Zhang Tianbo, Zhang Xialin, Zhang Ningning, Yan Junrong, Wang Lina, Yan Weihong, Yu Zhuanzhuan, Zhang Yonghong, Duan Yanlong, Zhang Ruijuan
Third Hospital of Shanxi Medical University, Shanxi Bethune Hospital, Shanxi Academy of Medical Sciences, Tongji Shanxi Hospital, Taiyuan 030032, China.
Department of Radiology, Beijing Children's Hospital, Capital Medical University, National Center for Children's Health, Beijing 100045, China.
Mol Genet Metab Rep. 2024 Mar 26;39:101075. doi: 10.1016/j.ymgmr.2024.101075. eCollection 2024 Jun.
This case report describes a patient initially diagnosed with Gaucher disease (GD) with type I with homozygous mutation c.1448T > C p. (Leu483Pro) at age of 2, presenting with hepatosplenomegaly and cytopenia. Imiglucerase replacement therapy was initiated. At age 17, bilateral hearing loss developed, with subsequent Cranial MRI revealing thalamic damage, leading to a reclassification as type 3 GD. By age of 20, the patient presented with a range of symptoms, including abdominal pain, diarrhea, hypoproteinemia, multiple lymphadenopathy, edema, and Gaucher cell infiltration in the lymph nodes. Comprehensive diagnosis identifies Gaucher tumor and protein-losing enteropathy. Imiglucerase therapy at 90-120 U/kg every 2 weeks significantly improved clinical symptoms, emphasizing the importance of tailored interventions for managing GD manifestations.

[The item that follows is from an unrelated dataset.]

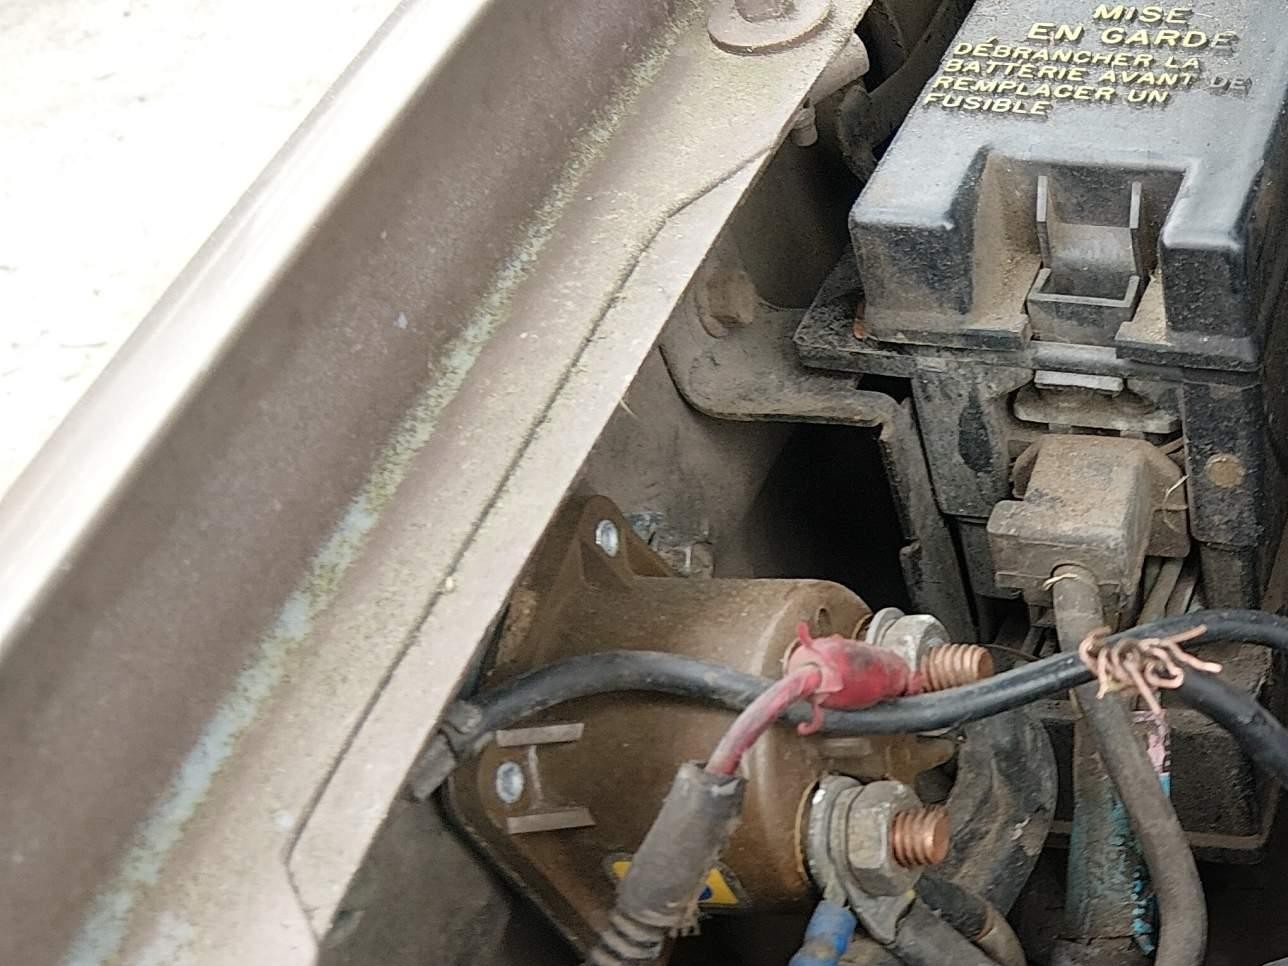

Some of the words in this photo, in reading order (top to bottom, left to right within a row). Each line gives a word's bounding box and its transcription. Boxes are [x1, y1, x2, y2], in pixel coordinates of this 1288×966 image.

本病例报告描述了一名患者,最初在2岁时被诊断为I型戈谢病(GD),存在纯合突变c.1448T>C p.(Leu483Pro),表现为肝脾肿大和血细胞减少。开始使用伊米苷酶替代疗法。17岁时出现双侧听力丧失,随后头颅MRI显示丘脑损伤,导致重新分类为3型GD。到20岁时,患者出现一系列症状,包括腹痛、腹泻、低蛋白血症、多处淋巴结病、水肿以及淋巴结中的戈谢细胞浸润。综合诊断确定为戈谢瘤和蛋白丢失性肠病。每2周以90 - 120 U/kg的剂量进行伊米苷酶治疗显著改善了临床症状,强调了针对GD表现进行个体化干预的重要性。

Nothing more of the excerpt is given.